Aerial Vision

Shane Grant

I'm using Virtualdub to preview a bunch of different methods for deinterlacing the content. Here are a few samples (all of this is on our more zoomed out footage - still working on fixing the other file, though it might not be possible to recover the data):

This is using "discard," which cuts the vertical resolution in half and only uses one set of fields:

Next up is "double," which takes either the even or odd scan lines and doubles them, ignoring one set of scan lines (discard with 2x the vertical resolution):

Next is "blend," which takes the average of both field lines:

Increasing in complexity, next is the "bob" algorithm:

Finally there is the "yadif" algorithm, which is similar to "bob" but slighty more complex (the information on these is rather sparse, however):

From looking at the stills alone it seems that the bob and yadif methods produce the best results - it's difficult to judge them in actual video sequences since everything in the field of view is constantly moving. The yadif algorithm is apparently fairly good at dealing with static scenes which we currently have none of.

Shane Grant

We finally got around to flying and recording video this past weekend. We put out targets and recorded two videos - one about eight minutes long and the other slightly longer. Unfortunately the second file seems to have become corrupted so we can't view it for now. We've tried hex editing the header of the avi file to fix it but we haven't had any luck so far.

The flight tests were going very well up until one of our flight batteries that powers the motor failed on us. This caused the motor to shut off and made for a rather rough emergency landing so we won't fly for another one to two weeks while the plane is being repaired.

The video files are very large (several gb) and I haven't compressed them to upload yet.

We did realize one very important thing though - we need to deinterlace our video. We use a Sony FCB-HD11 camera which has the capability to capture HD or SD. Right now our transmitter is only for SD so we have to use the NTSC format, which is an interlaced 29.97 fps video.

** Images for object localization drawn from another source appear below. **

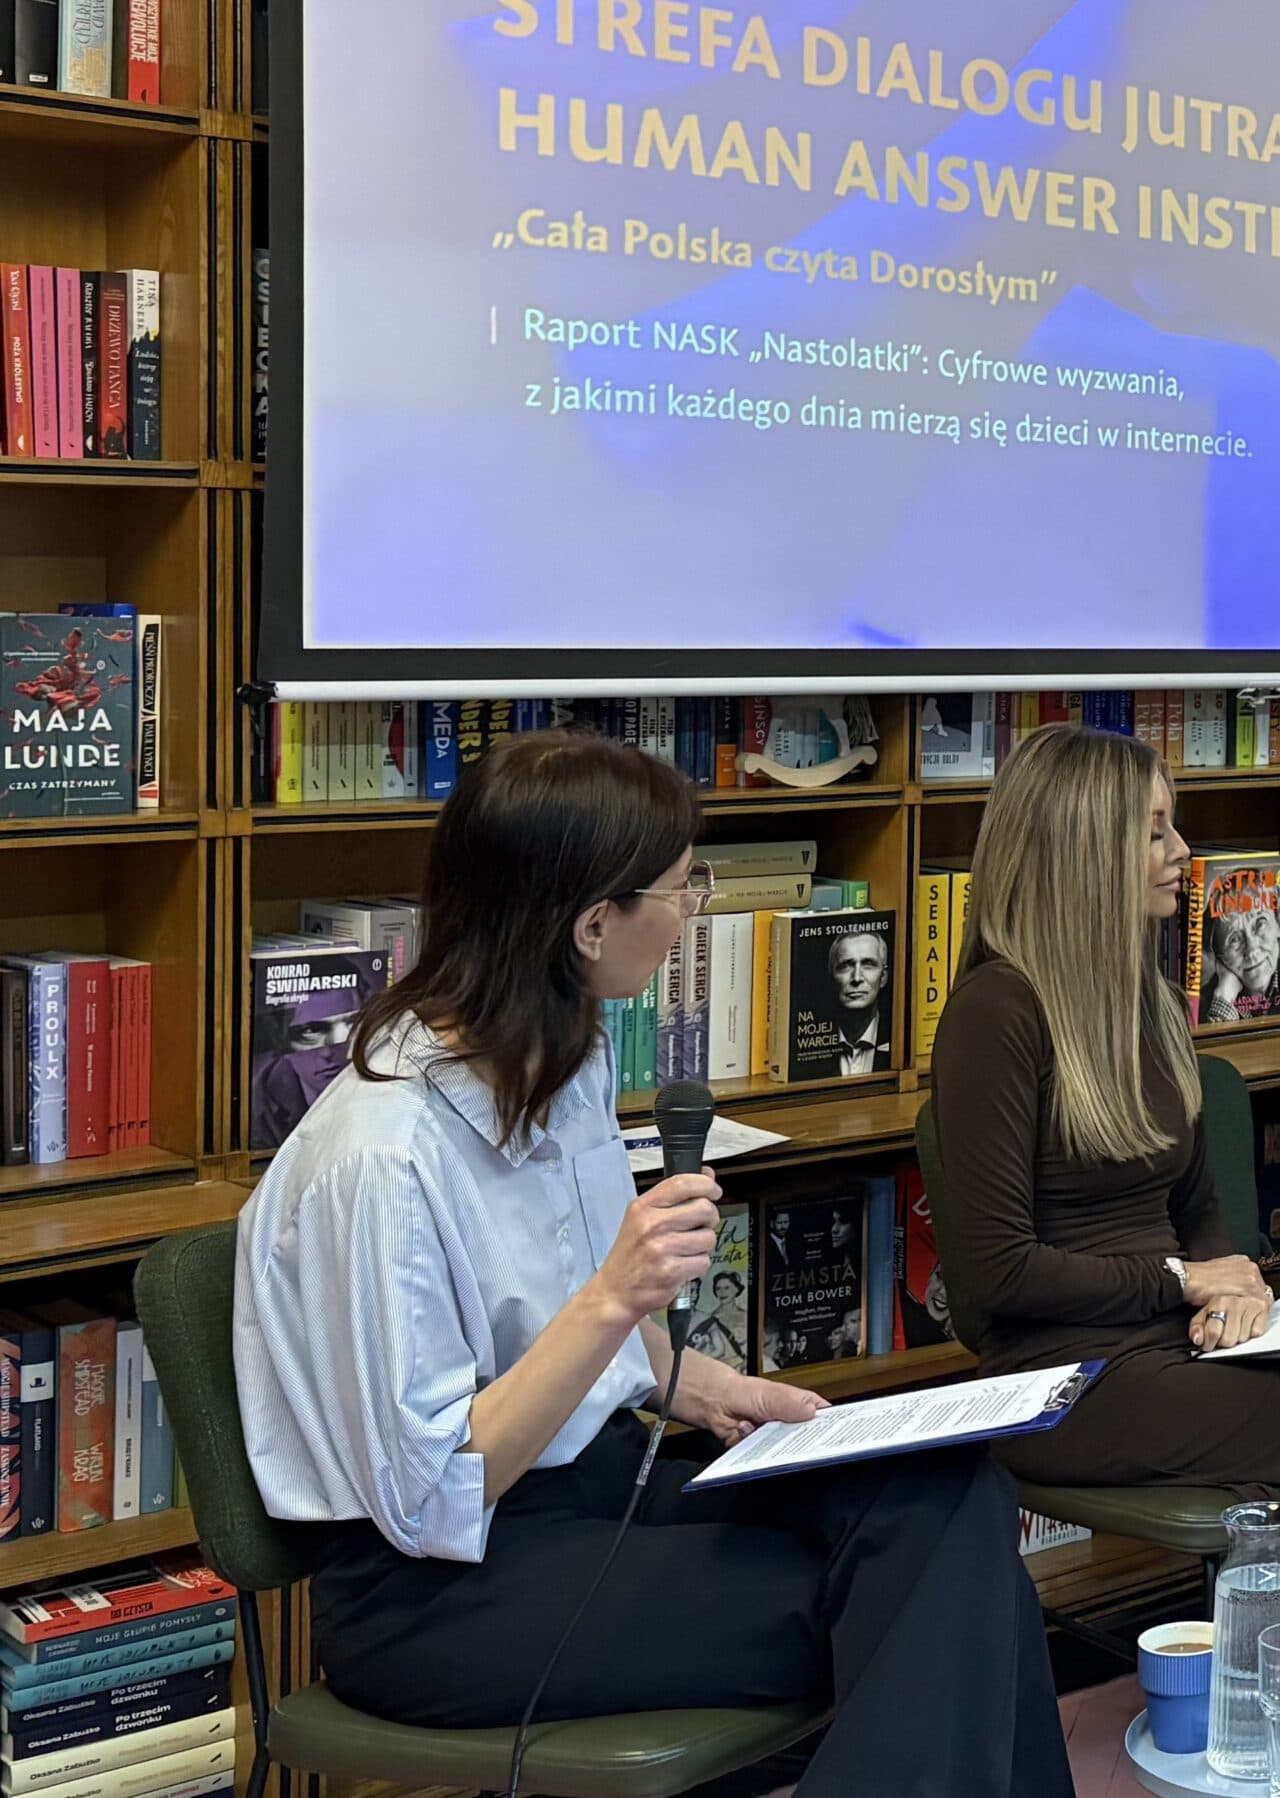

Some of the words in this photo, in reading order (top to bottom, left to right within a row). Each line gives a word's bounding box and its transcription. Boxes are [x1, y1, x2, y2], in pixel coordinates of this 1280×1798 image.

[494, 0, 780, 80] STREFA
[804, 30, 1102, 134] DIALOGU
[499, 90, 812, 192] HUMAN
[835, 142, 1120, 235] ANSWER
[492, 209, 609, 255] „Cała
[623, 221, 753, 269] Polska
[763, 243, 860, 284] czyta
[870, 248, 1057, 306] Dorosłym”
[107, 304, 122, 360] DRZEWO
[523, 308, 641, 351] Raport
[653, 321, 739, 357] NASK
[747, 331, 929, 375] „Nastolatki”:
[938, 348, 1048, 385] Cyfrowe
[1056, 366, 1185, 400] wyzwania,
[525, 383, 542, 406] z
[549, 376, 657, 415] jakimi
[667, 383, 791, 430] każdego
[800, 395, 862, 430] dnia
[870, 404, 961, 444] mierzą
[969, 410, 1007, 447] się
[1015, 413, 1089, 446] dzieci
[1097, 425, 1119, 447] w
[1126, 421, 1254, 458] internecie.
[12, 708, 113, 733] MAJA
[431, 702, 451, 758] MEDA
[1151, 702, 1166, 741] Pola
[1168, 702, 1183, 742] Pola
[1270, 702, 1280, 732] ISTY
[4, 743, 121, 769] LUNDE
[9, 779, 38, 791] CZAS
[41, 779, 117, 790] ZATRZYMANY
[1211, 870, 1276, 895] ASTRID
[695, 925, 708, 963] ZGIEŁK
[799, 925, 823, 938] JENS
[825, 920, 889, 936] STOLTENBERG
[926, 883, 939, 1004] SEBALD
[668, 934, 681, 966] IEŁK
[266, 963, 310, 980] KONRAD
[266, 973, 358, 995] SWINARSKI
[668, 967, 681, 1005] SERCA
[695, 965, 707, 1002] SERCA
[44, 983, 60, 1081] PROULX
[797, 1011, 814, 1023] NA
[797, 1021, 833, 1036] MOJEJ
[797, 1033, 838, 1049] WARCIE
[771, 1262, 857, 1293] ZEMSTA
[775, 1293, 803, 1309] TOM
[806, 1285, 853, 1303] BOWER
[95, 1630, 119, 1644] MOJE
[110, 1688, 159, 1706] dzwonku
[111, 1687, 126, 1697] Po
[127, 1677, 167, 1694] trzecim
[114, 1713, 163, 1733] dzwonku
[115, 1713, 130, 1724] Po
[131, 1703, 171, 1719] trzecim

This video looks great when viewed on a device that is designed to display interlaced video, like an older television. However, when viewed on a progressive monitor, like a computer display, it looks terrible.

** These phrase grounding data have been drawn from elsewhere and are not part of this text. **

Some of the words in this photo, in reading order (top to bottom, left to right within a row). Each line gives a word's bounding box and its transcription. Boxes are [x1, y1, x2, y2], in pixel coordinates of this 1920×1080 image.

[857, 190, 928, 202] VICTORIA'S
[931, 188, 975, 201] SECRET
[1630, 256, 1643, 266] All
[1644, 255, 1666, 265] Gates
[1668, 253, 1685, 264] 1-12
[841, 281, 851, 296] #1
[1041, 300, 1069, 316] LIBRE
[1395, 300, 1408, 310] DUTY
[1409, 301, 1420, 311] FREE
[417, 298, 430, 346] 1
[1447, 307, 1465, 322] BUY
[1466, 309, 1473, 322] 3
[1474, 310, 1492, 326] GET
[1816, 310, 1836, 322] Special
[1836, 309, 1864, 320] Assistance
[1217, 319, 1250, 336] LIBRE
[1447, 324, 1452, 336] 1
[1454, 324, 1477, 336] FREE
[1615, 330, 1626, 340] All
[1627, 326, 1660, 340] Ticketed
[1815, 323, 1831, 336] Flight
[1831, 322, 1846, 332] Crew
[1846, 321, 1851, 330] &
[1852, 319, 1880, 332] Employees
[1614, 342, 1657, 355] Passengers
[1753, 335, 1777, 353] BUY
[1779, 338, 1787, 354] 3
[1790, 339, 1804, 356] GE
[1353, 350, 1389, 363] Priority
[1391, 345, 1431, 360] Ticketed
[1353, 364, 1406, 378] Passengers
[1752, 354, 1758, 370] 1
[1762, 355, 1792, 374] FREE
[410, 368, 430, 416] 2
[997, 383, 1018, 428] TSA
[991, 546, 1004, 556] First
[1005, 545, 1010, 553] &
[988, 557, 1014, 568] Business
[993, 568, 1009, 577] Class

Here's an example of what interlaced video looks like when displayed progressively:

We can use video editing software to deinterlace the recorded footage, but we need a real time solution to use until we can acquire an HD transmitter and use 720p.

There is a lot of literature on the subject and many approaches ranging in complexity and effectiveness. This site has a good overview on the subject. Deinterlacing—An Overview is a great paper on many approaches to solving the problem.

Our first efforts will be to implement a simple deinterlacing scheme that takes either the odd or even field lines and interpolates the values in between them (code can be found to do this in both OpenCV and GLSL). Our videos have a lot of motion so likely we will need something more robust than this.

More advanced techniques use both temporal and motion information to deinterlace, such as that found in A Method of De-lntcrlacing with Motion Compensated Interpolation, Motion and Edge Adaptive Interpolation De-interlacing Algorithm, or Deinterlacing with
Motion-Compensated Anisotropic Diffusion.

Deinterlacing concerns aside, I was not too happy with the video of targets we did acquire. Currently we are using a fixed downward looking camera and have no control over zoom once the plane has taken off. In about a week we will have the capability to control the camera via a wireless serial interface, but actually pointing the camera is a ways off. We should also have access to telemetry data at the same time, which will allow us to perform image rectification.

At this point it is premature for us to discuss object/character recognition algorithms in detail since what our final imagery will look like is still in flux. It is likely that since we won't be flying for about two weeks that we will acquire "still" shots of the targets on campus from a high vantage point so we can make some progress on the recognition front.

Shane Grant

We attempted to acquire a bunch of data last weekend but faced a new challenge in regards to acquiring aerial images. We control the plane over a 2.4GHz wireless link which is the same band as our video transmission. There were a few issues where the video was causing us to lose control of the aircraft so we decided it safest not to fly.

To address this we are moving the airplane to 72MHz which should get rid of the issue. On the upside, the video comes through very clearly in all of our tests so far.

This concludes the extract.